I don't think PZ's students need to be coddled or protected from his blog, but why necessarily direct them here? You can't embed links on paper, but don't they all have email?

Oh Barn Owl,

I sense the sore loser in your comments. Did you just lose your grant? Were you denied tenure or promotion recently? Can't get a tenure-track job?
Face it, this country is a meritocracy and PZ ain't cutting it. I don't like this system but I know I've had to play by the rules in order to get ahead or simply survive. Mercifully, I'm retired now.
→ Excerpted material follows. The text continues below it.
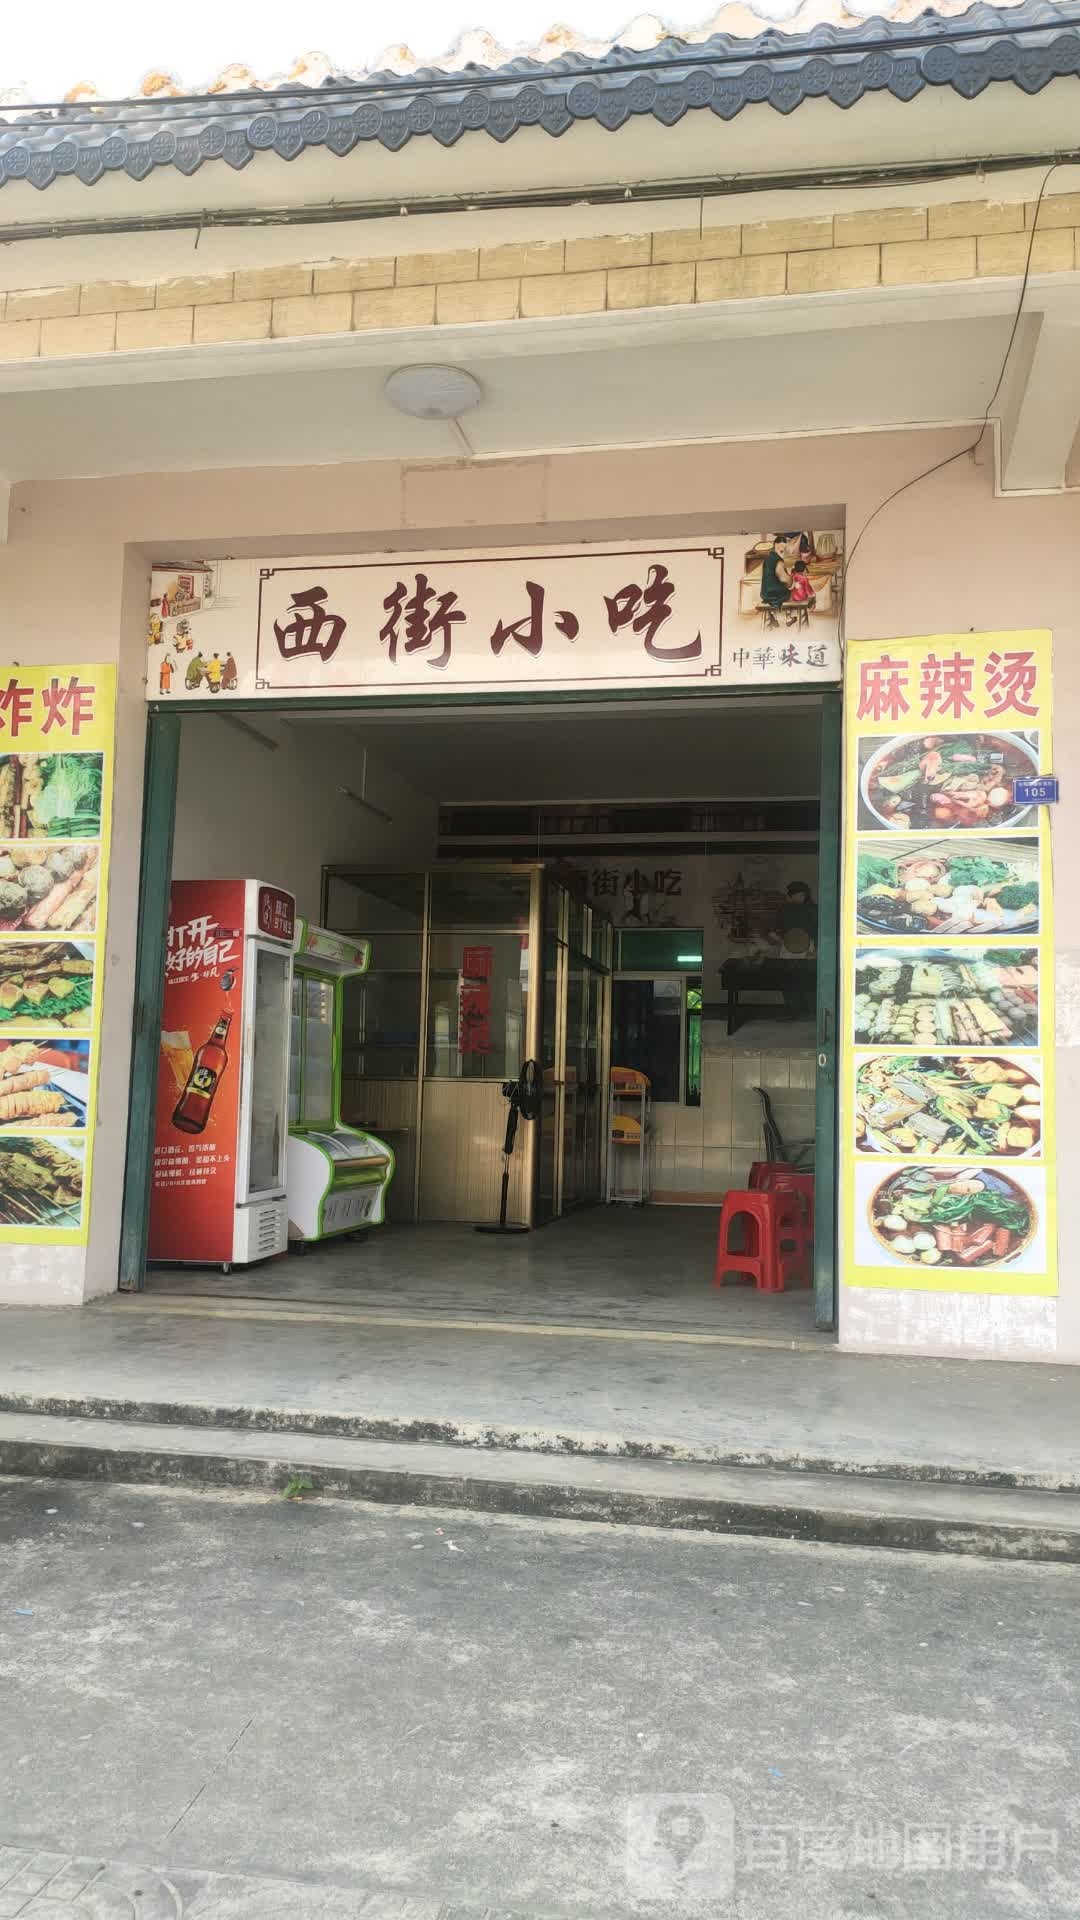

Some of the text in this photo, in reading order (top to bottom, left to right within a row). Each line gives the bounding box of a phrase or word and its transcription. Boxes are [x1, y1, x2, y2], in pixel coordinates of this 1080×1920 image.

One thing other than stupidity and ignorance goes against Behe and Dembski in this game: they'll never get any funding other than from their church(es). In this country, no federal cash means no credibility, as simple as that.
If the public understood that, they wouldn't take these two jerks seriously.
How many research-oriented full professors have vituperative blogs? I wonder. Blogs are fun, but I don't think they make full professors. In turn, blogging terminal assoc profs are bound to become VERY frustrated and may lose their stamina after a while.